Cook meat and onion until browned and tender. Drain Stir in UNDRAINED TOMATOES and tomato sauce, 1 ½ Teaspoon SALT (I use garlic salt), oregano,Chili powder & red pepper.

Simmer uncovered for 25 minutes. Stir occasionally. Stir in beans.

In each of the 10x6x2 baking dishes arrange ¼ cooked noodles (or no cooked) crosswise and spread with ¼ cooked noodles & meat mixture.

Sprinkle HALF of the cheese on top of each. Top with remaining noodles and meat mixture~cover and freeze the other.

Fresh casserole~~cover and bake at 350 for 15 minutes, uncover and bake 10 minutes more or until hot.

FROZEN casserole covered at 400 for 1 ½ hours. Uncover and bake 10 minutes more.

Sprinkle some cheese on hot casserole to melt for looks, you can add slice black olives if you want.

Serve: Pass the lettuce~chips and tomatoes and picante sauce! (sour cream if you like it)

2 casseroles 4 to 6 servings

*


----------



## DampCharcoal (May 30, 2004)

Looks good! I have always wanted to try a Mexican style lasagna and it looks like you've nailed it with this recipe! Thanks!


----------



## -DEADLY SUSHI- (May 30, 2004)

HVAC, do you put the cheese on before putting it in the oven? Also how spicy is it? I LOVE hot-spicy foods! What do you think if I added Cumen and/or Chili Powder? ONE more question... if I chopped up some bell pepper and put it in... do you think it would make the lasanga to watery?

thanks!!


----------



## hvacwife (May 30, 2004)

Deadly Sushi said:
			
		

> HVAC, do you put the cheese on before putting it in the oven? Also how spicy is it?

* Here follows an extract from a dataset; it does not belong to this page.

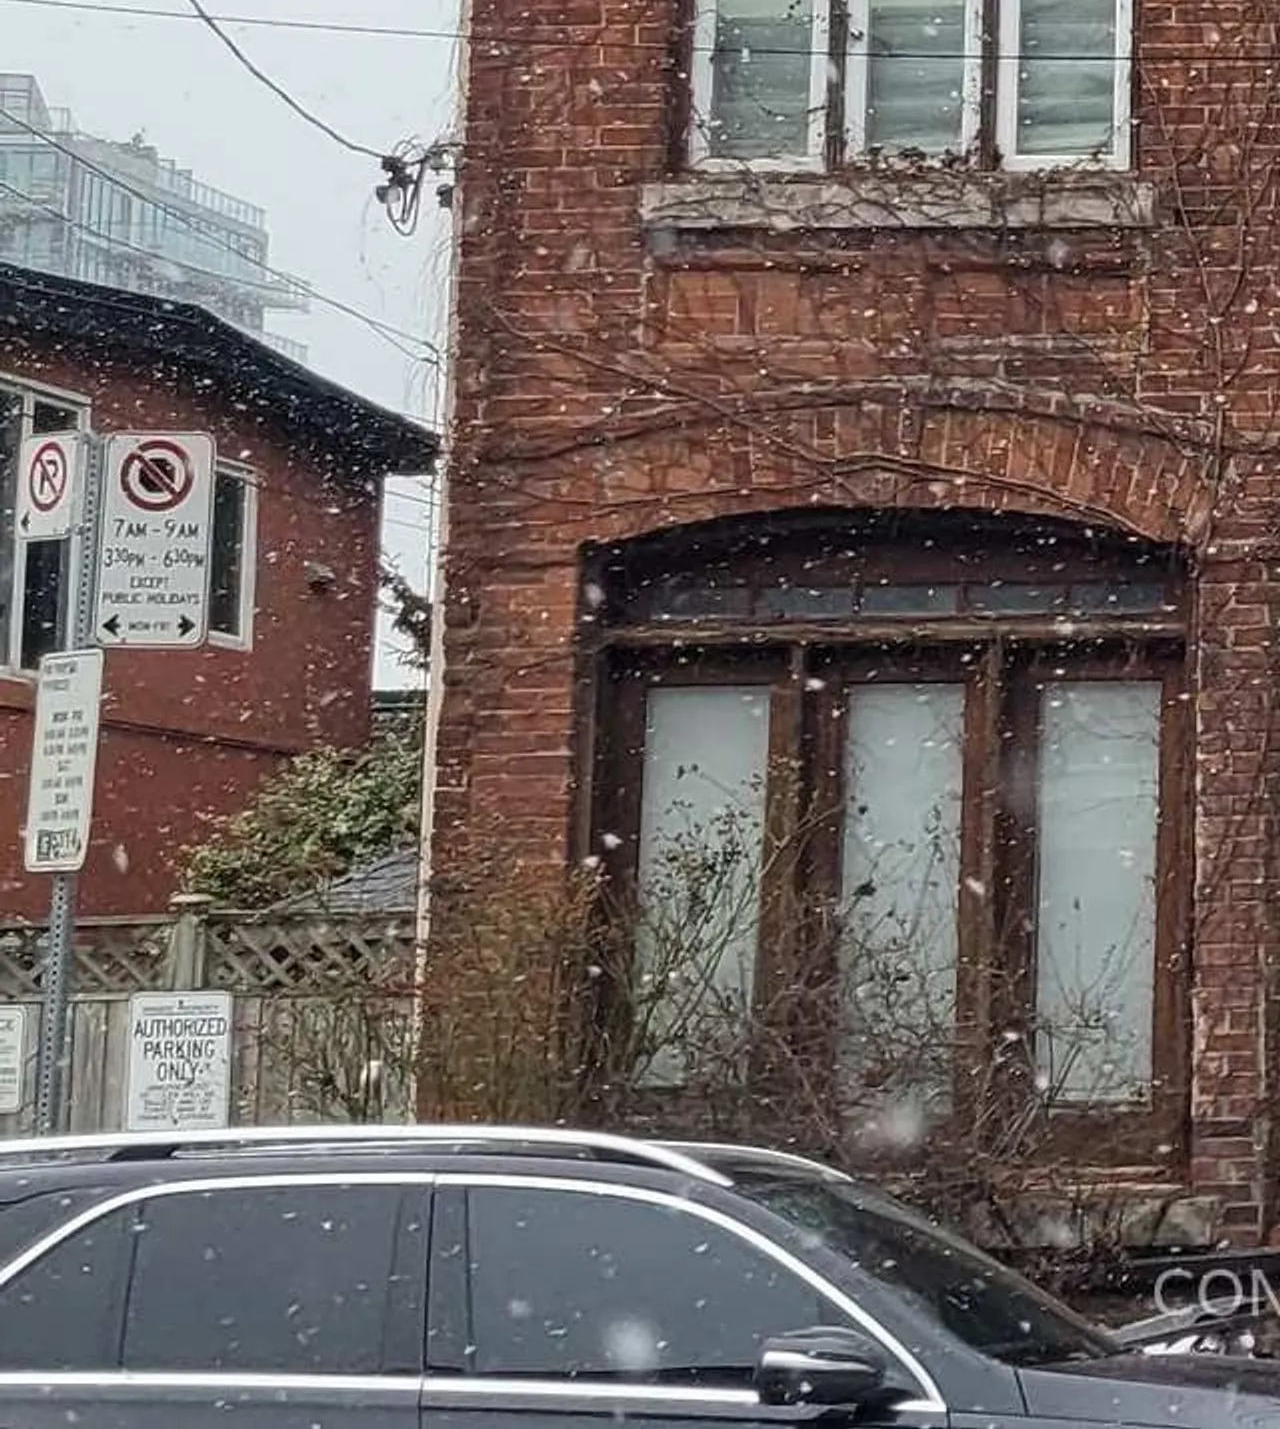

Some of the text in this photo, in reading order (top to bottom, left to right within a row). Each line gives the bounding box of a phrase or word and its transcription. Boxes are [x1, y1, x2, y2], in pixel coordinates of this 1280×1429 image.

I LOVE hot-spicy foods! What do you think if I added Cumen and/or Chili Powder? ONE more question... if I chopped up some bell pepper and put it in... do you think it would make the lasanga to watery?
> 
> thanks!!


I've never made this. I don't see why you can't put the cheese on it before baking it. The pepper would be a good addition I think, just don't cut it too small. As for spices I'm sure you could add whatever you like to it. Variety is the spice of life. Get creative!!! :!:  :!:  :!:


----------